The extortionist
A letter looked like a break in the case. The sender had a disturbing past.
The law enforcement officials gathered to discuss the Tylenol murders in July 2022 don’t need to discuss Raymond West’s death and dismemberment.
There’s no point, really.
Illinois authorities — including two people on the videoconference call — had traveled to Kansas City about 15 years ago to persuade Missouri prosecutors to reopen the 1978 death investigation.
The effort failed.
Raymond West’s death, however, would be forever tied to the Tylenol investigation.
Without it, authorities may never have identified their prime suspect.
With seven people dead and the country panicking over the possibility of additional poisonings, a letter began making its way from Manhattan to Tylenol’s manufacturer in Pennsylvania.
It arrived at the McNeil Pharmaceuticals mailroom on Oct. 6, 1982, after a brief stop at the headquarters of Johnson & Johnson, its parent company in New Brunswick, N.J.
John Kopich, then a 27-year-old clerk looking to work his way up the corporate ladder, sat down at his desk that morning and dug into a pile of letters.
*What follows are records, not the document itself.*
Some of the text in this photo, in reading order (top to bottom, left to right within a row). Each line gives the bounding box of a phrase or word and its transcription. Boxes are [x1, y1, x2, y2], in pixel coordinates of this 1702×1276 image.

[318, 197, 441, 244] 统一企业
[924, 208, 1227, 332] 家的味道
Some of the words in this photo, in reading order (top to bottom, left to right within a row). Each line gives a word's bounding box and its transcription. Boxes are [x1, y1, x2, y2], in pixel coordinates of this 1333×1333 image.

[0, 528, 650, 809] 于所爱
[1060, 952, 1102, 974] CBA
It was his job to sort through the mail addressed generically to McNeil and figure out where to forward it.
Things were already tense in the office because of the murders. The public no longer trusted the country’s top-selling pain reliever, the company had recalled all Tylenol capsules and the manufacturing plant had been shut down indefinitely. The McNeil campus was crawling with police, FBI and Food and Drug Administration agents questioning employees about the poisonings. No one knew what the future held.
As Kopich sifted through the mail, most of it customer complaints or requests for free samples, he picked up an envelope
addressed to “Johnson & Johnson.” He opened it and read the letter inside.
Then he read it again.
And again.
Penned in neat capital letters on a single sheet of lined legal paper, the message promised to “stop the killing” if Johnson & Johnson wired $1 million to a Chicago-based bank account. It would be easy enough to kill again, the writer said, given he had spent less than $50 so far on the poisonings.
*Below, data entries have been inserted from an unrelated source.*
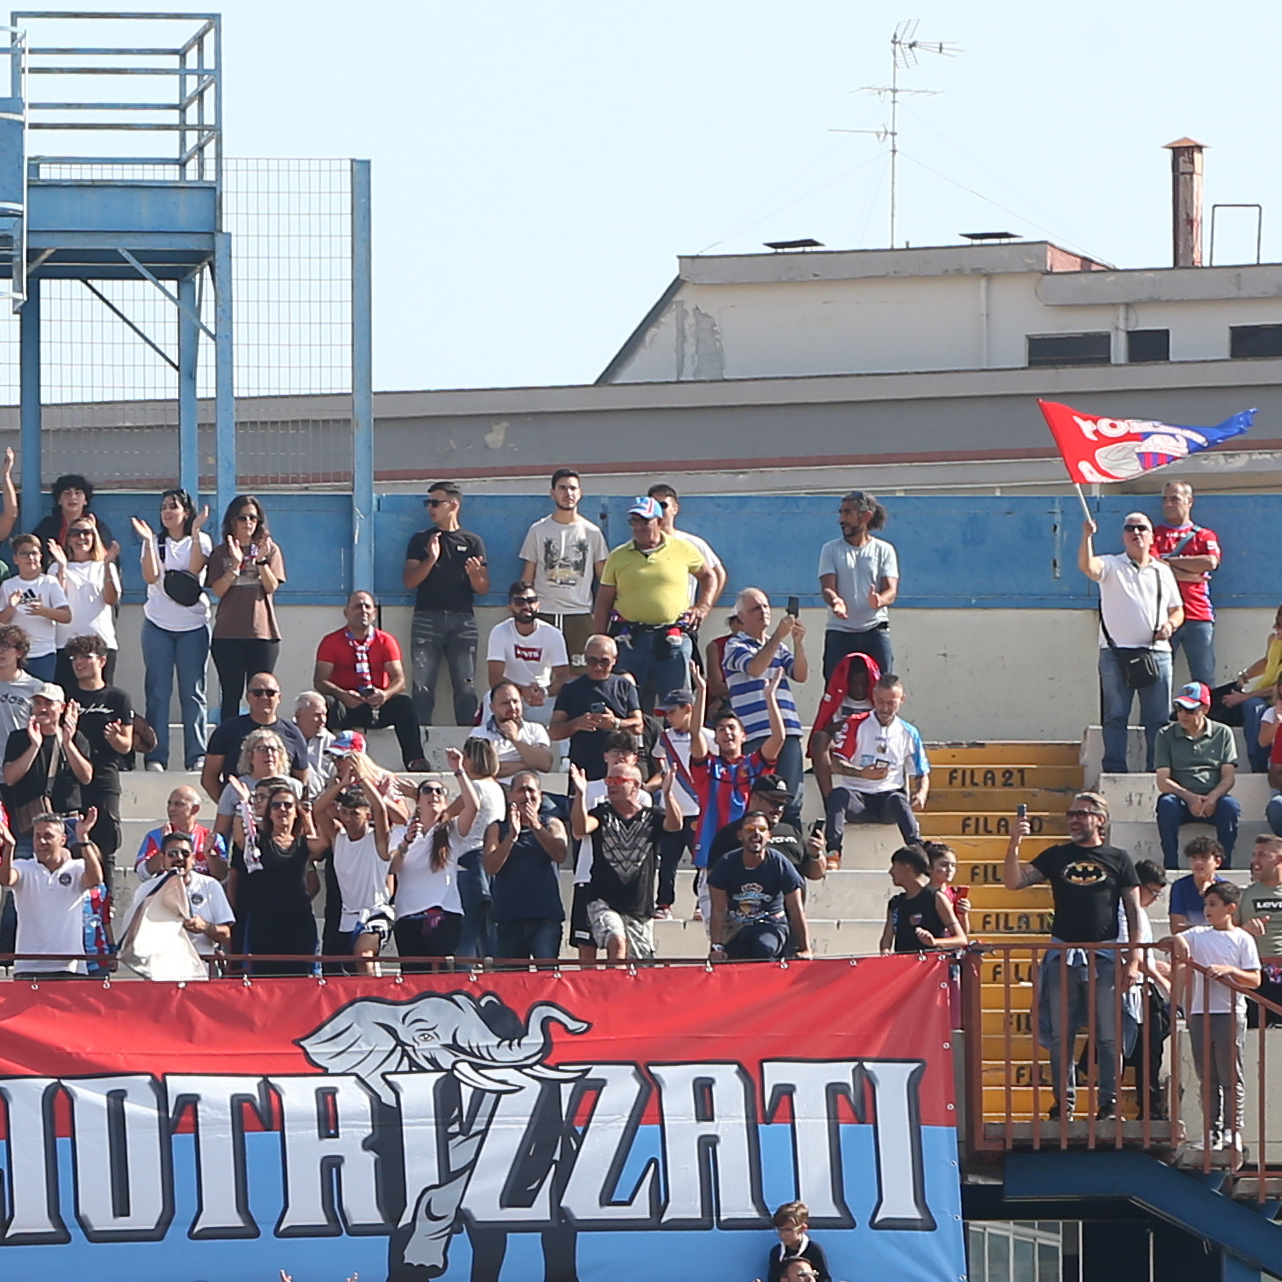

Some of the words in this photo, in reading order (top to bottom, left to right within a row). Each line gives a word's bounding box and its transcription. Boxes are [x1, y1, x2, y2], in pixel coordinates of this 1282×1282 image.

[948, 768, 996, 787] FILA
[1001, 768, 1026, 787] 21
[961, 818, 1010, 836] FILA
[971, 865, 1003, 883] FIL
[983, 915, 1029, 931] FILA
“And since the cyanide is inside the gelatin, it is easy to get buyers to swallow the bitter pill,” he wrote. “Another beauty is that cyanide operates quickly. It takes so very little. And there will be no time to take counter measures.”
A shaken Kopich brought the letter to his supervisor, who took it to the company’s security office, federal records show. From there, it went to the FBI and then to the Illinois-based police task force, which found enough clues in the unsigned letter to connect it to a man named Robert Richardson.
“The letter was much bigger than we thought,” Kopich said. “From then on, nothing was the same.”
Richardson and his wife had lived briefly in Chicago before abruptly leaving about three weeks before the poisonings. Friends told the FBI that Richardson — who worked a couple of temp jobs while living on the North Side — fancied himself a writer and was immensely proud that the Chicago Tribune had published one of his essays in its opinion section.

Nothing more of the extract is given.